– Патрон велел мне разыскать вас, – обмахиваясь панамой, заговорил Каратаев. – Как ваше самочувствие? Вы здесь по делам?.. Ах, подлечить легкие… Нет-нет, трехлетний срок еще не вышел, и наш мораторий остается в силе. Более того, господин Пикарт хочет предложить вам аннулировать ваш долг в обмен на одну пустяковую услугу. Вы ведь по-прежнему печатаете книги?.. Отлично! Тогда пойдемте ко мне – это совсем рядом.
Через пятнадцать минут Каратаев выложил перед удивленным Бернадотом немецкий вариант рукописи.
– Услуга состоит в том, чтобы как можно быстрее издать эту книгу, причем издать сразу на трех языках. Она называется «Последний смотр императоров» и, уверяю вас, прославит своего первого издателя.
Ларс Бернадот был в недоумении. За два прошедших с момента пари года он не то чтобы позабыл о своем долге, просто как-то свыкся с его постоянным существованием.
– Я, конечно, с большим удовольствием, но на иностранных языках…

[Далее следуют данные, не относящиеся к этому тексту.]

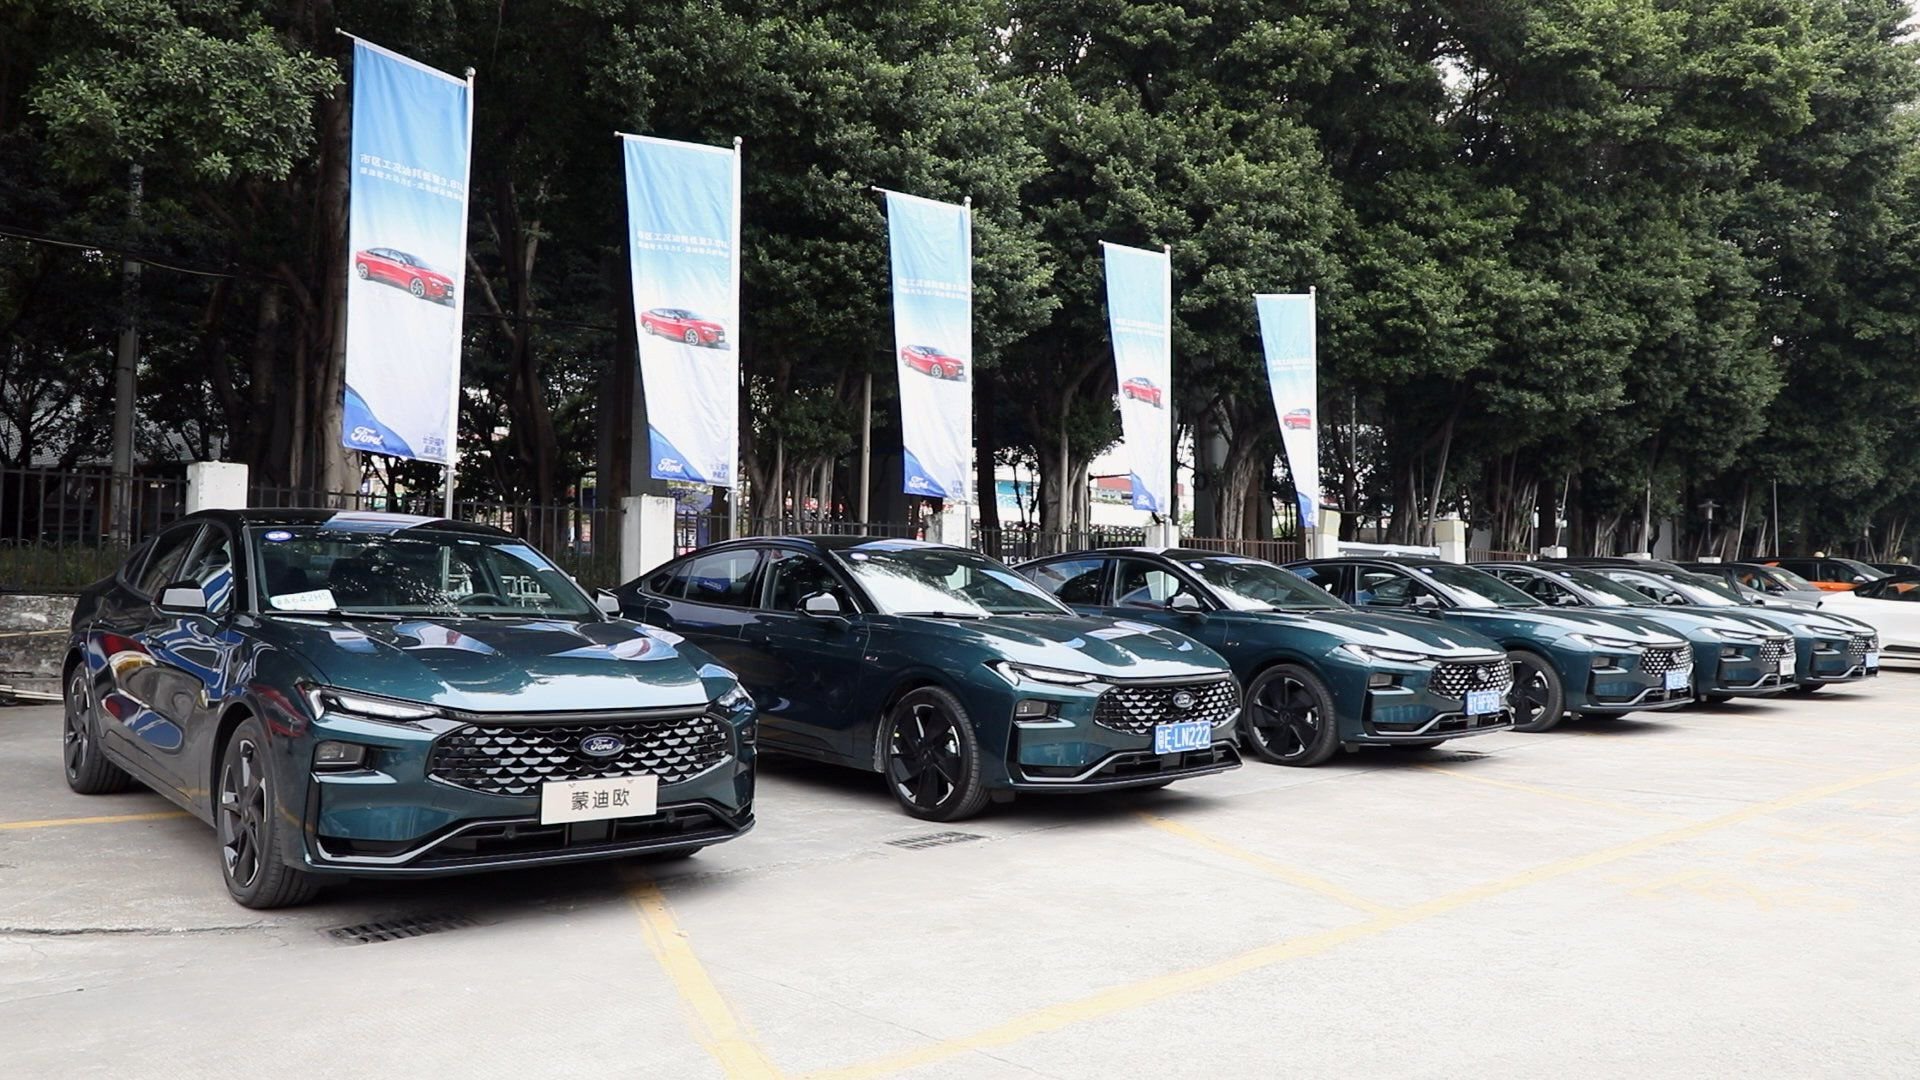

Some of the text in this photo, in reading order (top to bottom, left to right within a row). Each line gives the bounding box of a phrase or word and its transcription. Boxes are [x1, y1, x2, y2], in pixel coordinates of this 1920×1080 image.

[351, 426, 384, 446] Ford
[657, 458, 683, 473] Ford
[590, 739, 614, 751] Ford
[571, 788, 630, 811] 蒙迪欧

– Языки не помеха, господин Бернадот. Вы изготовите клише (или как там это у вас называется) фотохимическим способом прямо с этих листов. Книга отредактирована и не требует правки. И тираж совершенно мизерный: всего лишь сто экземпляров.

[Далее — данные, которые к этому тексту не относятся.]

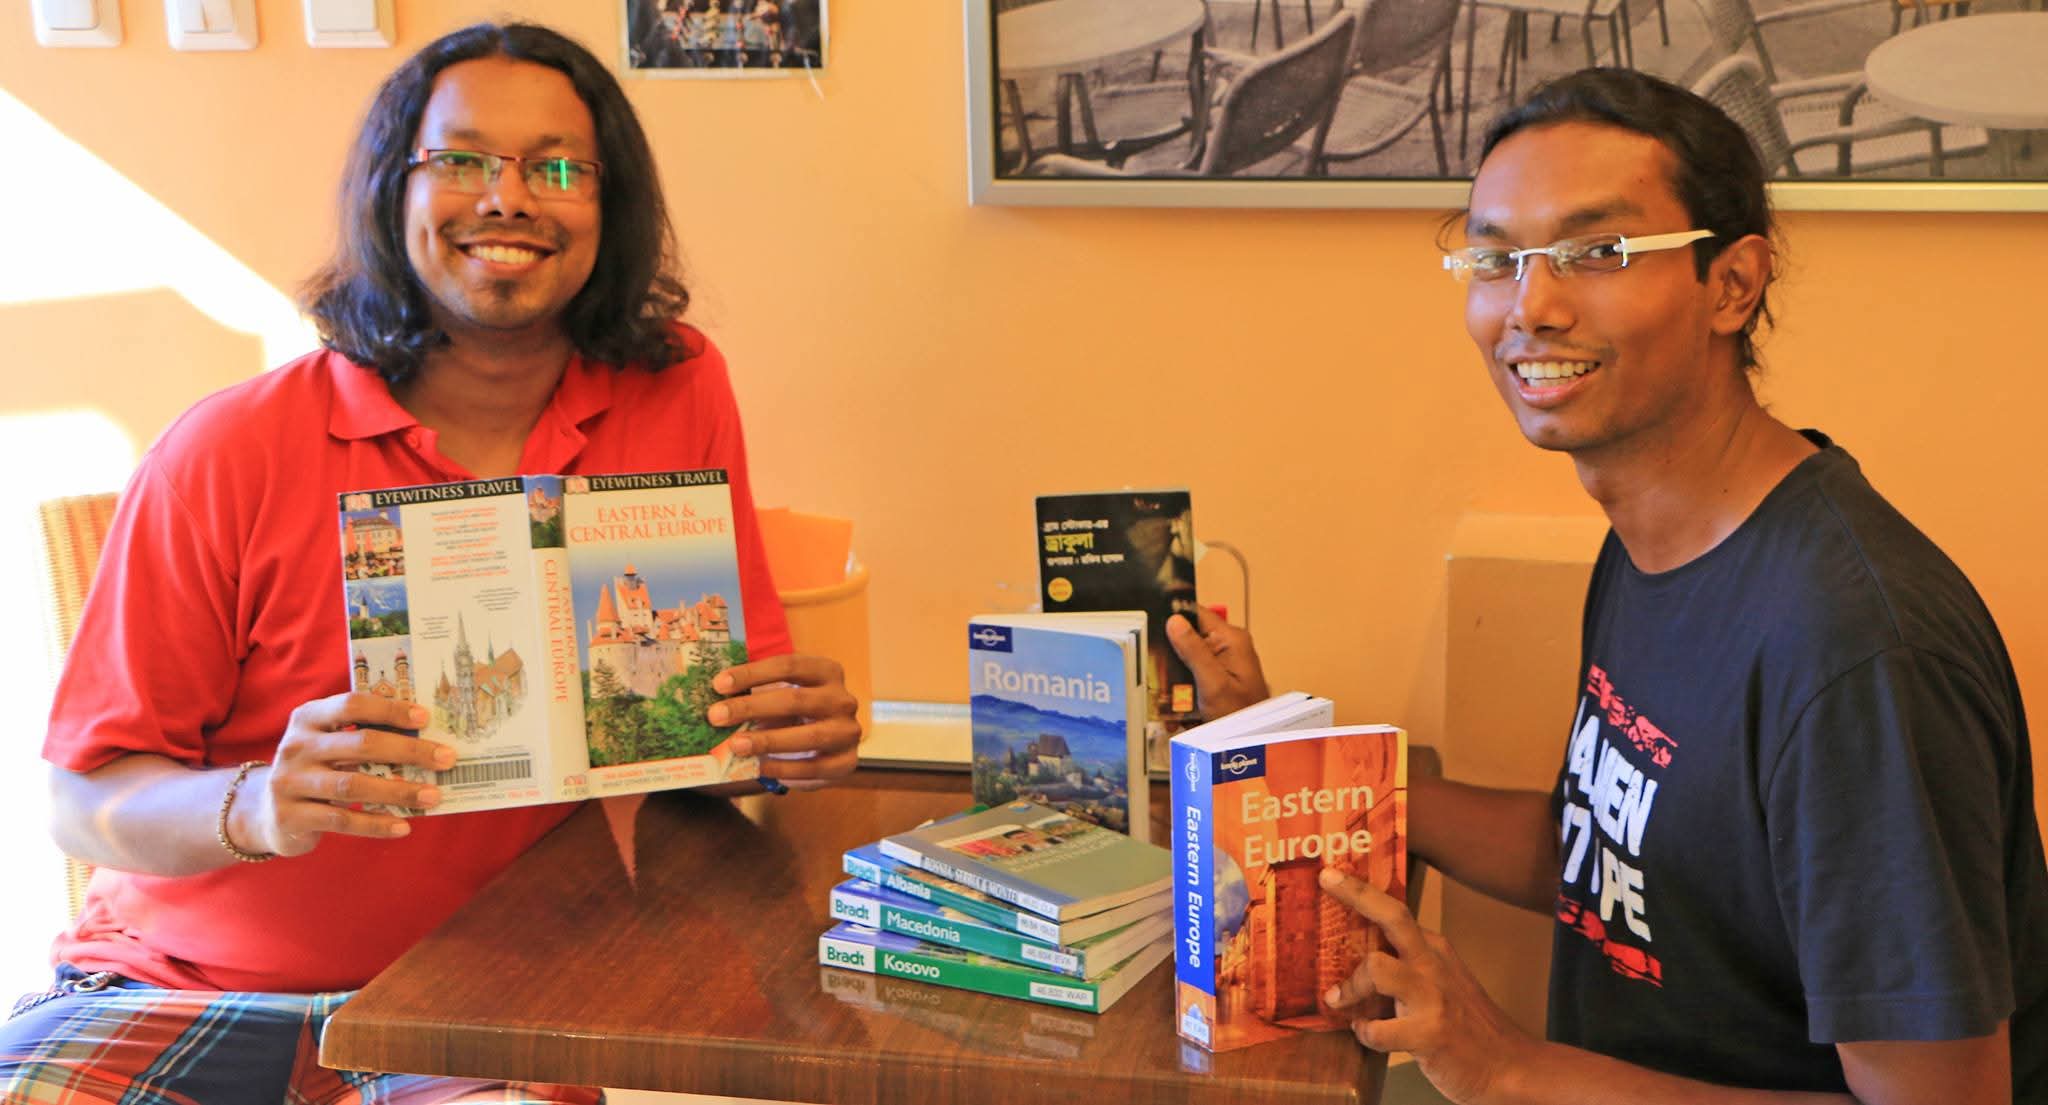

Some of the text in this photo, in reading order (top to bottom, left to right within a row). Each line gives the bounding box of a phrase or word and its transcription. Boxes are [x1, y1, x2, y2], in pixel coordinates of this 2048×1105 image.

[376, 483, 464, 505] EYEWITNESS
[469, 478, 521, 497] TRAVEL
[592, 474, 672, 490] EYEWITNESS
[677, 470, 724, 485] TRAVEL
[597, 501, 696, 523] EASTERN &
[570, 518, 728, 543] CENTRAL EUROPE
[544, 559, 569, 703] CENTRAL EUROPE
[983, 662, 1111, 704] Romania
[1241, 785, 1375, 825] Eastern
[1243, 829, 1373, 869] Europe
[886, 874, 931, 899] Albania
[1186, 806, 1203, 968] Eastern Europe
[835, 899, 960, 942] Bradt Macedonia
[827, 946, 941, 978] Bradt Kosovo

– Но я должен ознакомиться с содержанием.
– Знакомьтесь, – Каратаев придвинул стул, предлагая издателю сесть. – Какой язык предпочитаете? А я распоряжусь насчет кофе.
– Вы шутите. На это уйдет не меньше двух дней… И потом, сейчас мы готовим очень дорогое издание «Калевалы» – это финский народный эпос. Закуплена мелованная бумага, заказ размещен в Вене в типографии Рейнфельда. Вот если сразу после этого…
– Постойте, постойте! – прервал его Савва. – А что, если на вашей мелованной бумаге мы и напечатаем «Последний смотр»? Параллельно с «Калевалой»? Шикарное издание, в белой коже с тиснением, каждый том в роскошной коробке, оклеенной черным бархатом. А? Что скажете? Марок по двести за экземпляр! При этом, заметьте, все расходы вам будут оплачены.
– И мой долг…
– Пикарт вернет вам ваш вексель, но всю работу надо сделать к концу августа.
– Это невозможно.
– Согласен, если мы будем здесь рассиживаться, поэтому предлагаю немедленно отправляться на вокзал, а чтением заняться в дороге.
– Вы хотели что-то заявить? – нарочито сухо спросил Бловиц.
– Скорее выдать небольшой секрет, – ответил Нижегородский. – С глазу на глаз.
Следователь попросил секретаря выйти и запер за ним дверь.
– Я вас слушаю.
Нижегородский надел очки.
– Я являюсь сотрудником тайной организации, занимающейся сбором разного рода информации и ее использованием, – сразу взял он быка за рога. – Непосредственно я работаю в отделе персональных досье.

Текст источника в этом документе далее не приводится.